Records contained in a dataset:
⟨
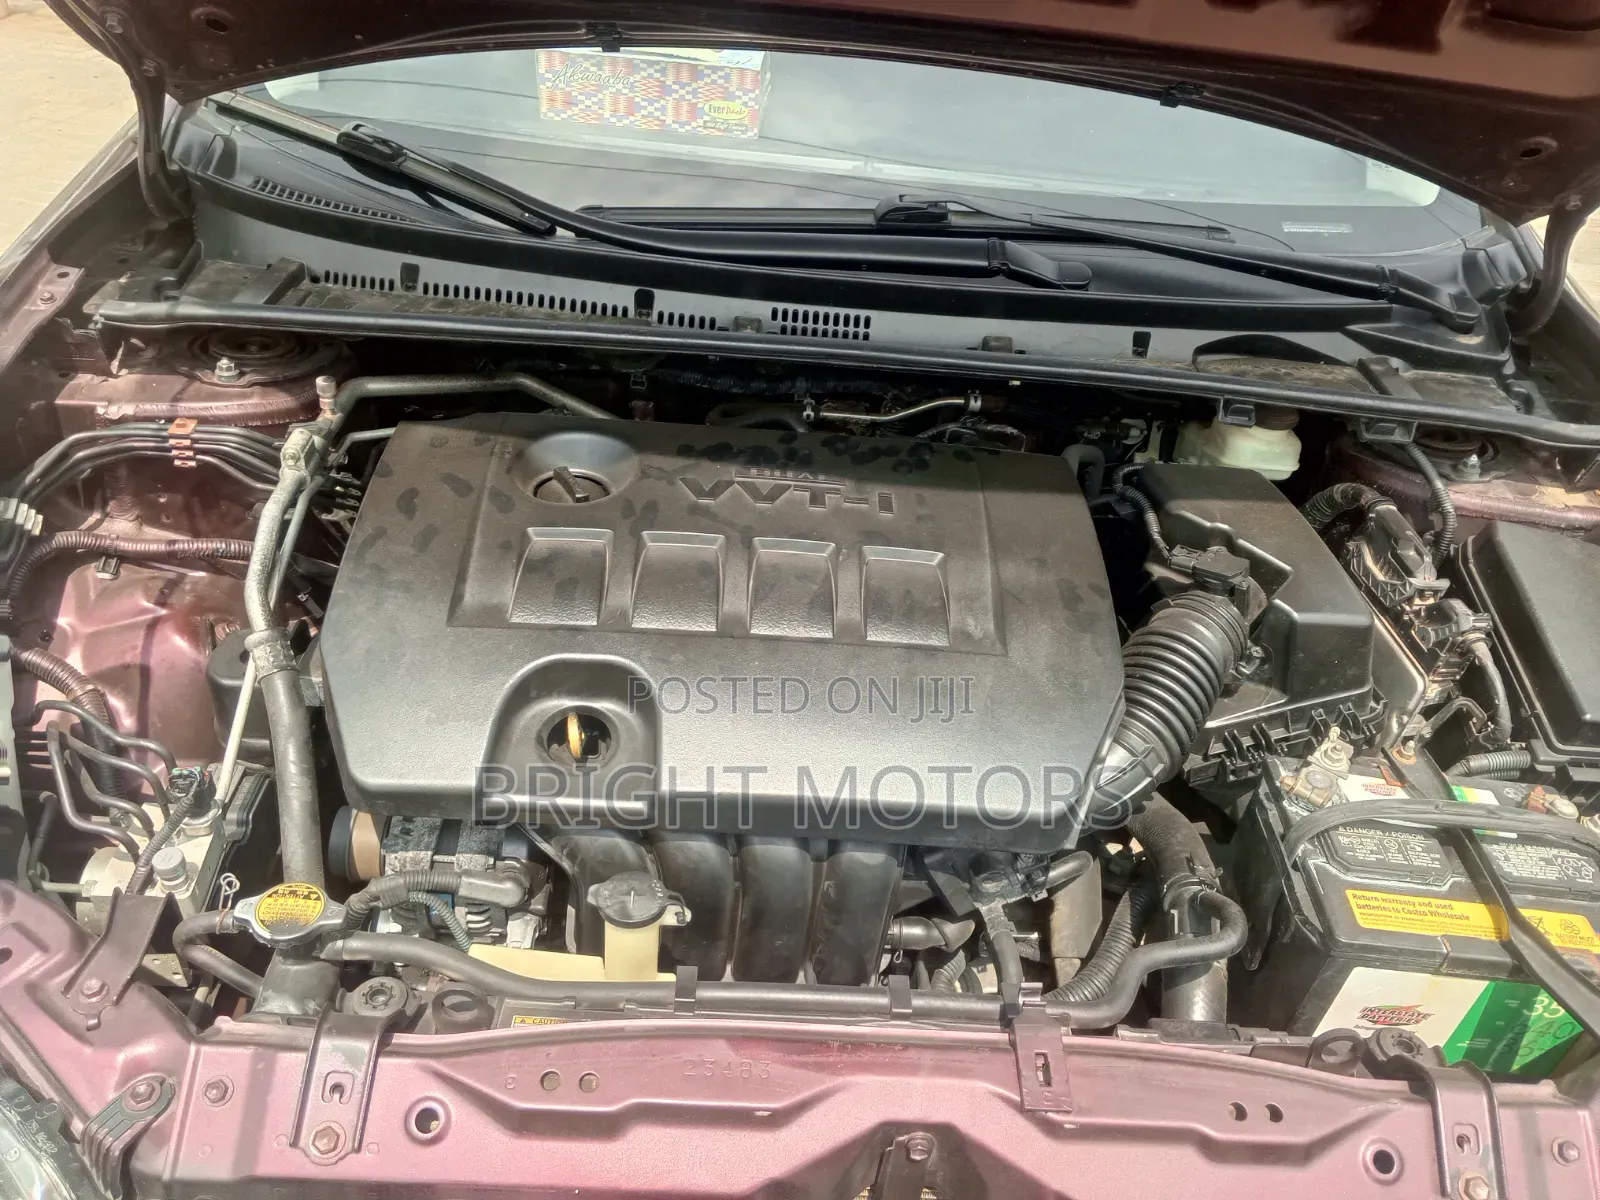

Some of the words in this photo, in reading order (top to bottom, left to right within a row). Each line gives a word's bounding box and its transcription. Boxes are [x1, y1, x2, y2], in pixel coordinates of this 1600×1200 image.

[550, 61, 632, 89] Akwaaba
[1346, 826, 1383, 836] DANGER
[1391, 831, 1425, 840] POISON
[1352, 893, 1382, 902] Return
[1381, 897, 1416, 908] warranty
[1418, 900, 1433, 908] and
[1435, 902, 1454, 910] used
[1356, 902, 1392, 912] batteries
[1402, 907, 1428, 917] Costco
[1429, 911, 1471, 921] Wholesale
[1361, 1006, 1432, 1020] INTERSTATE
[1523, 996, 1565, 1018] 35
[1360, 1013, 1422, 1024] BATTERIES
⟩
Your objective:
Please set down the lines above word for word and leave out the pictures.

Exercise solution:
Some of the words in this photo, in reading order (top to bottom, left to right within a row). Each line gives a word's bounding box and its transcription. Boxes are [x1, y1, x2, y2], in pixel coordinates of this 1600×1200 image.

[550, 61, 632, 89] Akwaaba
[1346, 826, 1383, 836] DANGER
[1391, 831, 1425, 840] POISON
[1352, 893, 1382, 902] Return
[1381, 897, 1416, 908] warranty
[1418, 900, 1433, 908] and
[1435, 902, 1454, 910] used
[1356, 902, 1392, 912] batteries
[1402, 907, 1428, 917] Costco
[1429, 911, 1471, 921] Wholesale
[1361, 1006, 1432, 1020] INTERSTATE
[1523, 996, 1565, 1018] 35
[1360, 1013, 1422, 1024] BATTERIES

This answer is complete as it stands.